La salle se trouve dans le quartier de Constitucion tout près de San Telmo (le quartier touristique des danseurs de tango où nous n'avons pas encore mis les pieds : honte à nous). L'entrée du bâtiment donne sur un grand hall carrelé noir et ocre dont les moulures du plafond très haut, l'imposant escalier en pierre et la décoration générale en grande pompe font penser à un hall de réception destiné à des officiels. Mais par contraste le carrelage est terne et piqué et la salle gagnerait à être rénovée. C'est comme ça à Buenos Aires ;-). A l'étage, l'entrée au guichet est de 28 pesos par personne et la consommation est obligatoire.

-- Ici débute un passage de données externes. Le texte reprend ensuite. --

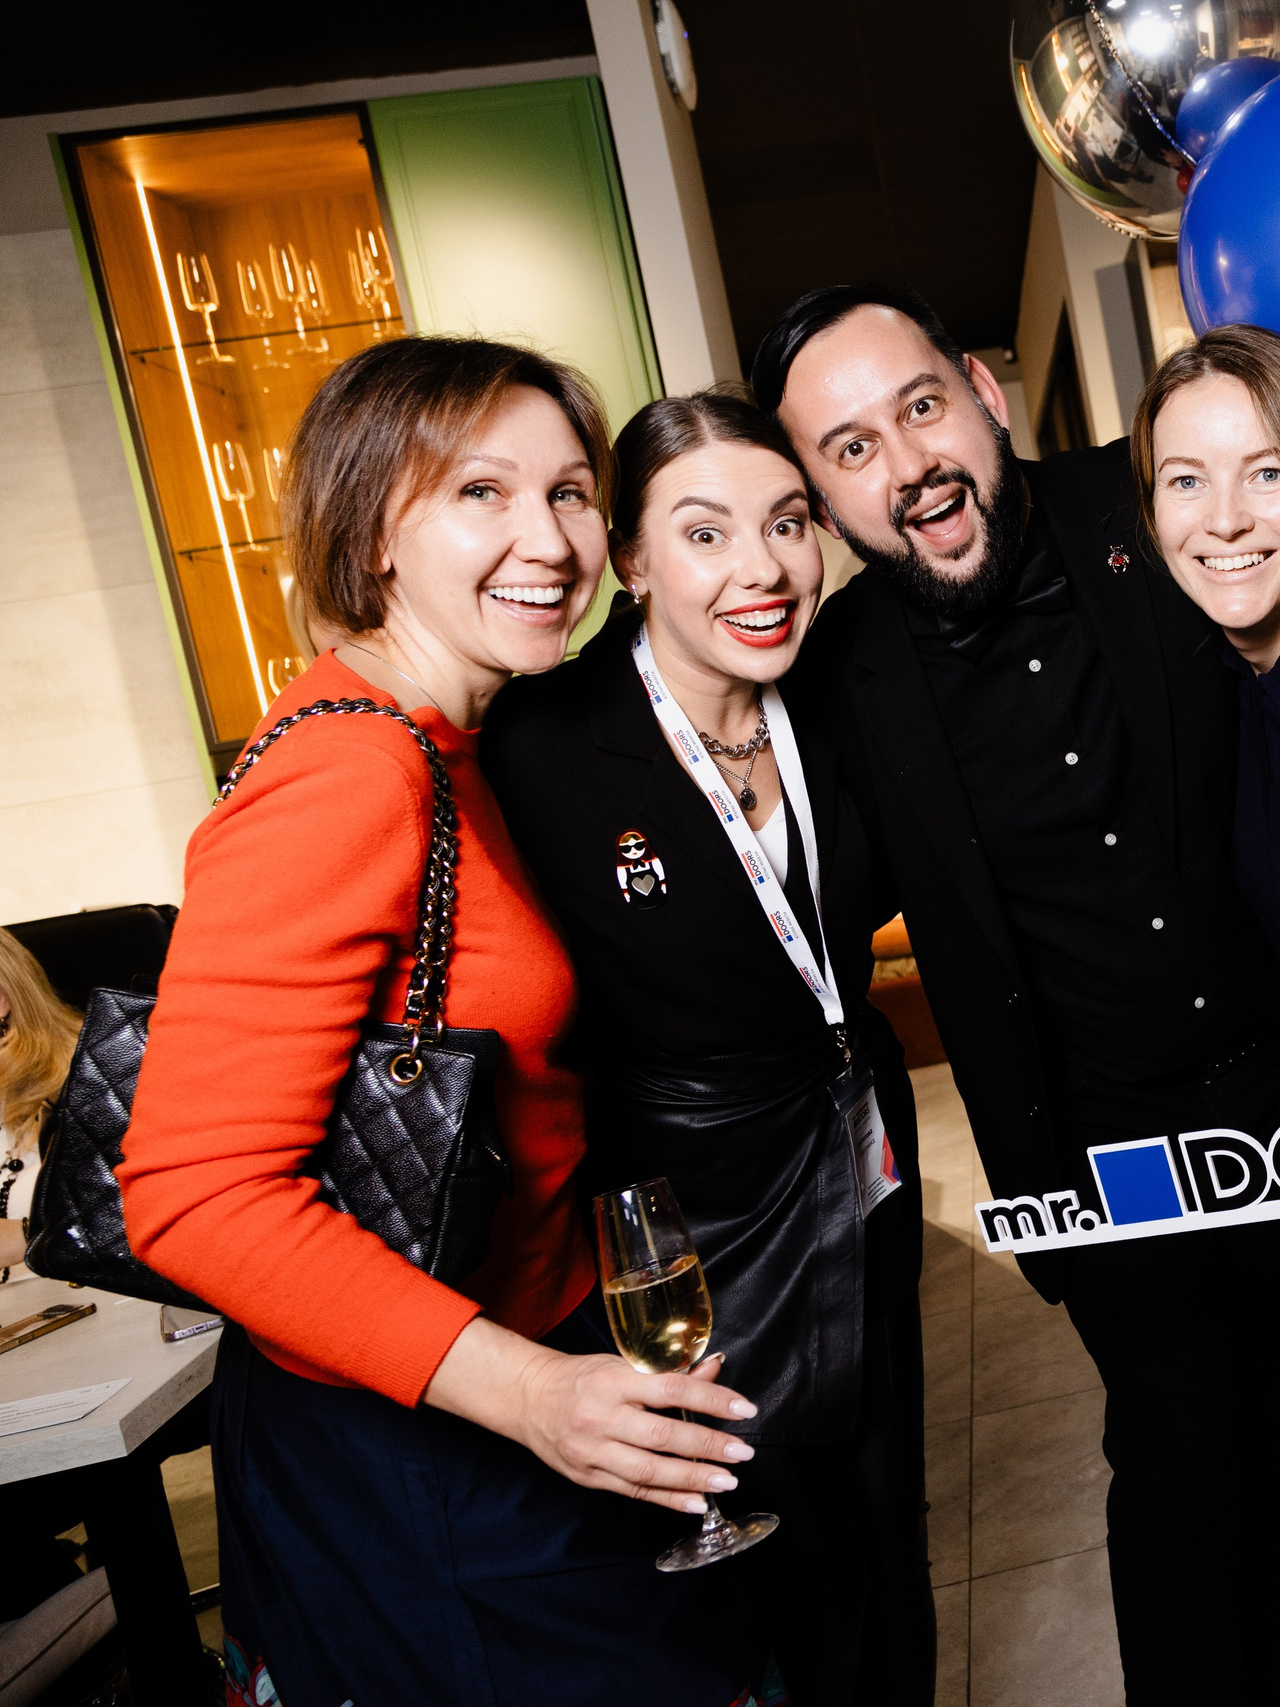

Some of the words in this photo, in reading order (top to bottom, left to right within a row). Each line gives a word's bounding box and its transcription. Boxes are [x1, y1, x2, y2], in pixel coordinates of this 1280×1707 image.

Plus tard, une serveuse passera en effet nous demander chacun de commander au moins une bouteille d'eau à 12 pesos ce qui correspond pour l'instant à la gamme de prix observés dans les milongas que nous connaissons. Nous pénétrons dans la salle de danse en écartant un rideau rouge, assorti aux nappes. Les murs sont jaunes pâles et blancs. Le plafond est toujours aussi haut, la salle est immense et nous avons toujours cette impression de nous trouver dans la salle des mariages d'un hôtel de ville. Le garçon place d'abord C. sur la gauche de la salle où sont installées les femmes (et où se trouve également le bar) puis revient vers moi (F.) pour me proposer une place à une table déjà occupée par un petit groupe d'hommes qui ne se connaissent que de vue. Nous changeons de chaussures rapidement et, un peu impressionnés, commençons par observer notre environnement avant de nous lancer dans le "cabeceo" (ou "mirada", c'est-à-dire l'invitation par le regard le hochement de tête).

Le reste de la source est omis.